TASK REQUIREMENTS>
For the copy, please give all of the data again exactly and leave the pictures out.

Records from a data collection
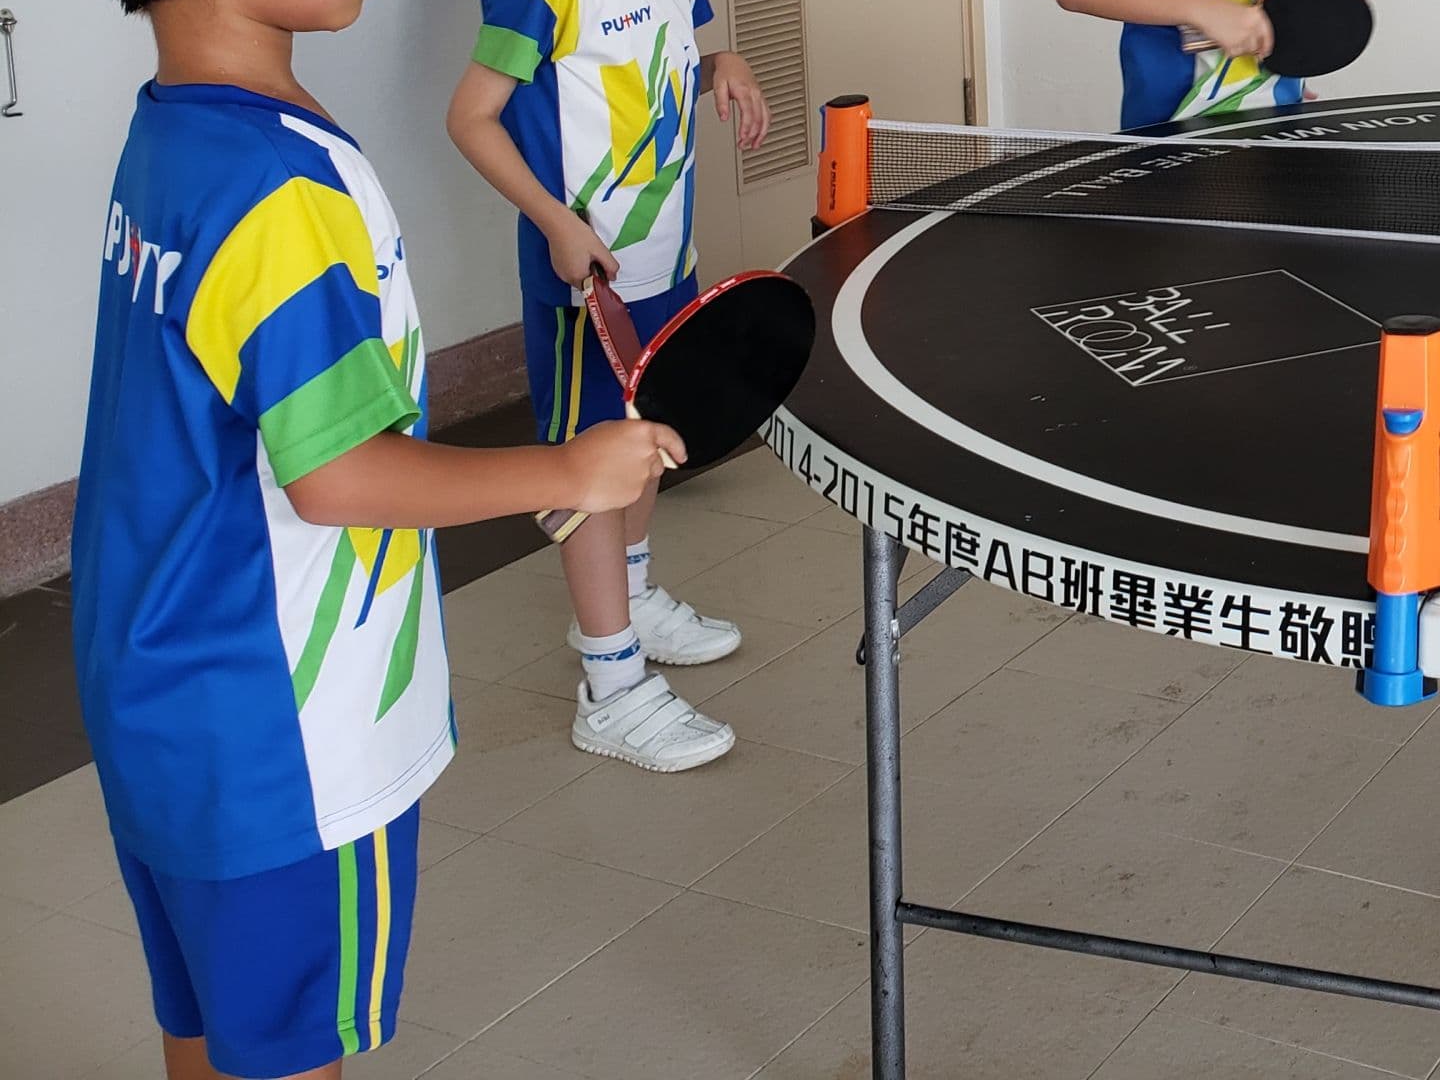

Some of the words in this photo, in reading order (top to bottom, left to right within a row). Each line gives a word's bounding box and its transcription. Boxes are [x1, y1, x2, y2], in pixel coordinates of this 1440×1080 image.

[1341, 113, 1437, 131] JOIN
[1260, 126, 1341, 141] WIT
[1140, 147, 1231, 169] THE
[1043, 168, 1152, 198] BALL
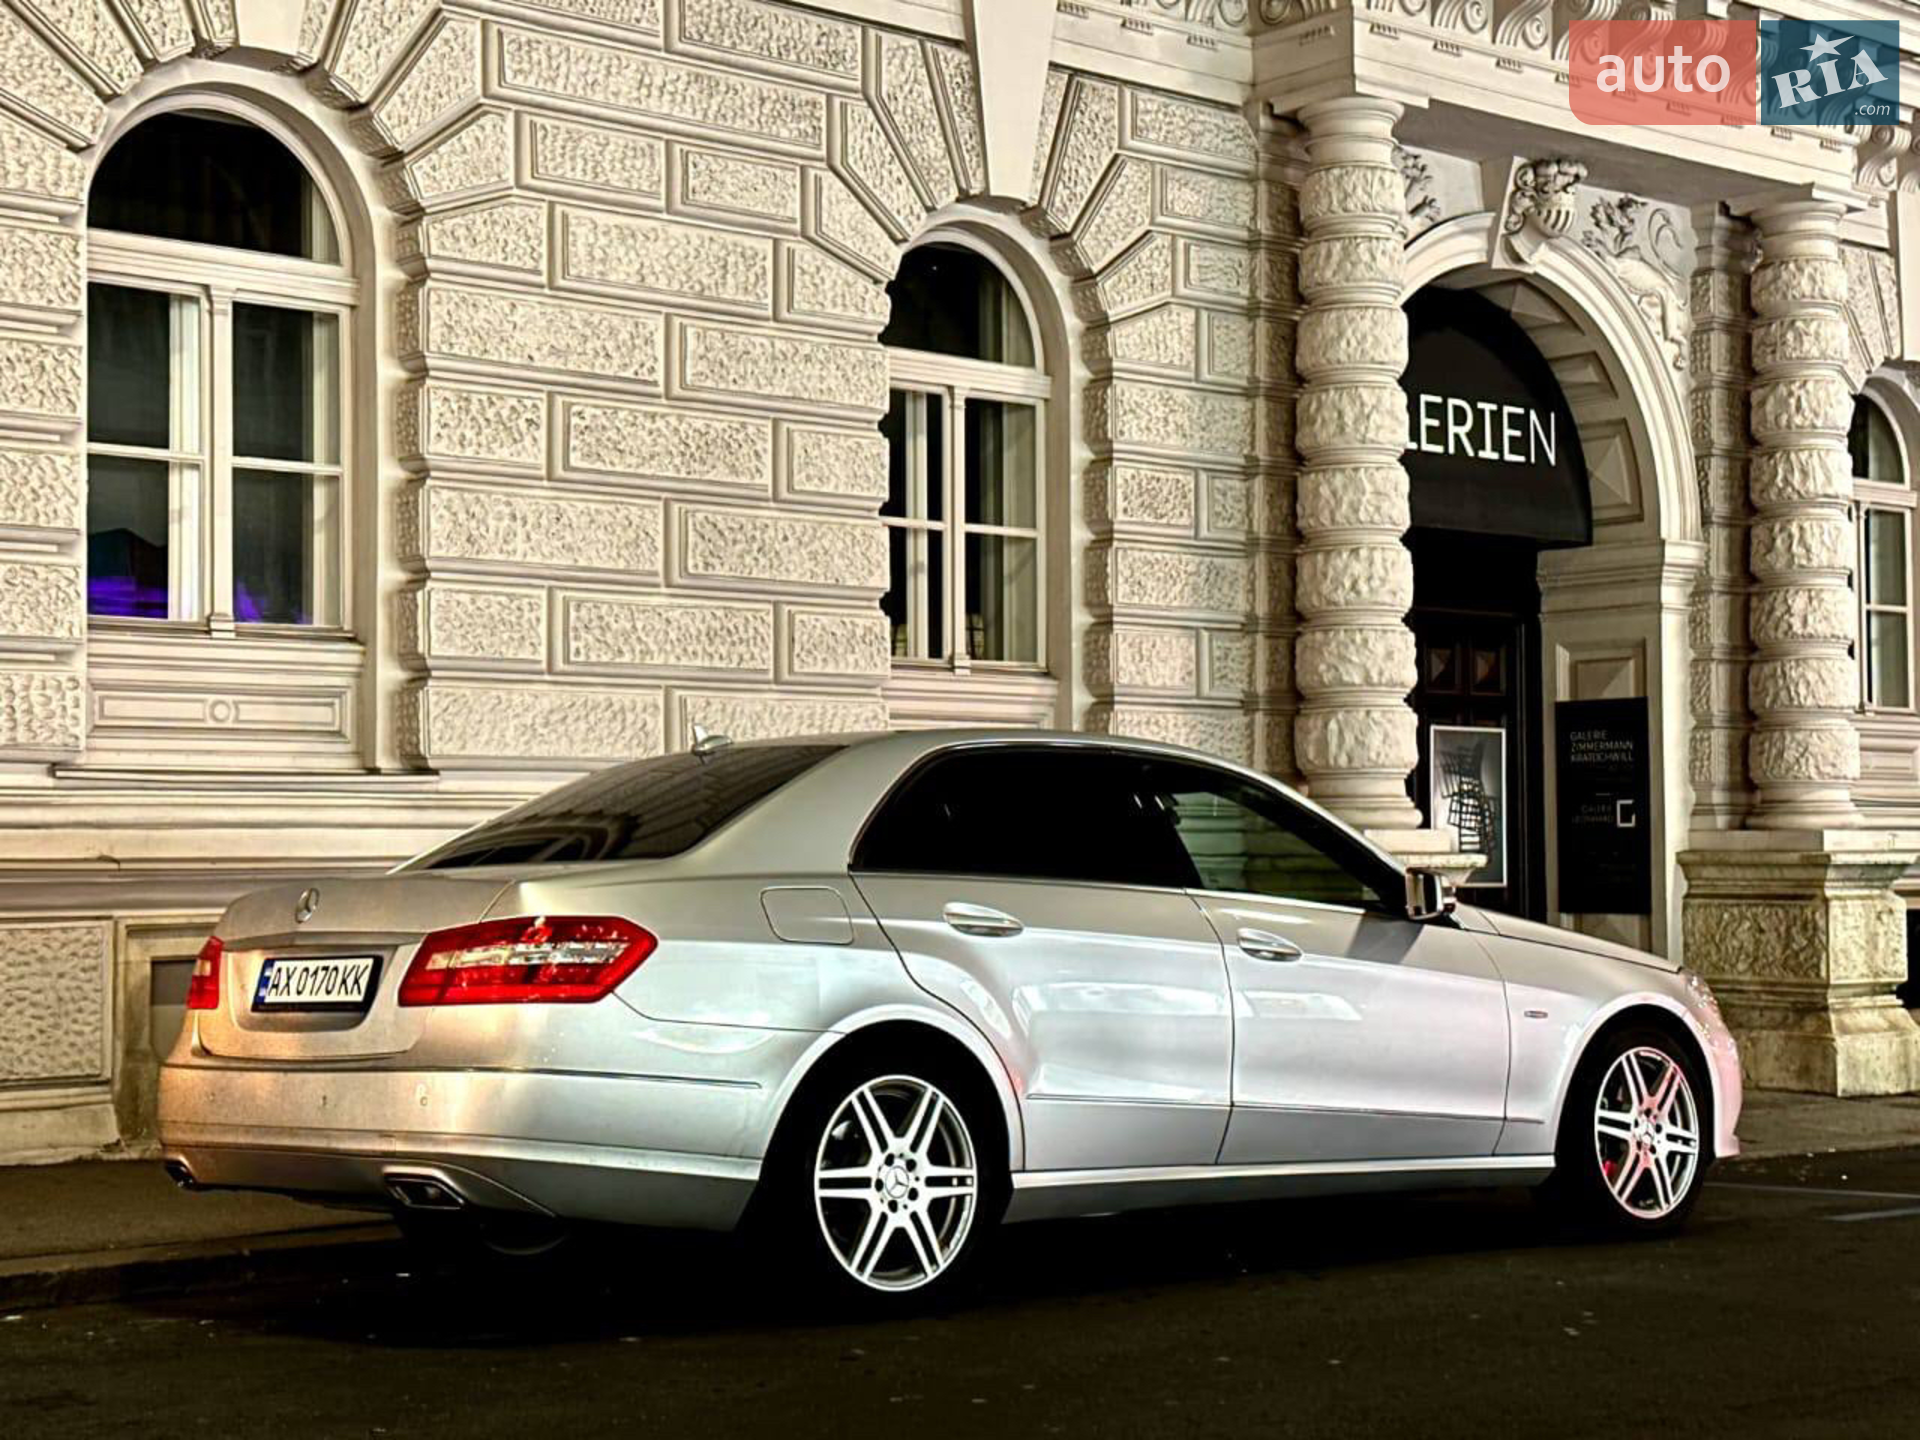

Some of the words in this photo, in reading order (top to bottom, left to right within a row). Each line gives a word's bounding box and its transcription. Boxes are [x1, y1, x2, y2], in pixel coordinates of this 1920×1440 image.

[1570, 729, 1608, 741] GALERIE
[268, 966, 297, 996] AX
[296, 965, 339, 996] 0170
[338, 964, 369, 995] KK

TASK ANSWER>
Some of the words in this photo, in reading order (top to bottom, left to right within a row). Each line gives a word's bounding box and its transcription. Boxes are [x1, y1, x2, y2], in pixel coordinates of this 1440×1080 image.

[1341, 113, 1437, 131] JOIN
[1260, 126, 1341, 141] WIT
[1140, 147, 1231, 169] THE
[1043, 168, 1152, 198] BALL

Some of the words in this photo, in reading order (top to bottom, left to right within a row). Each line gives a word's bounding box and its transcription. Boxes are [x1, y1, x2, y2], in pixel coordinates of this 1920×1440 image.

[1570, 729, 1608, 741] GALERIE
[268, 966, 297, 996] AX
[296, 965, 339, 996] 0170
[338, 964, 369, 995] KK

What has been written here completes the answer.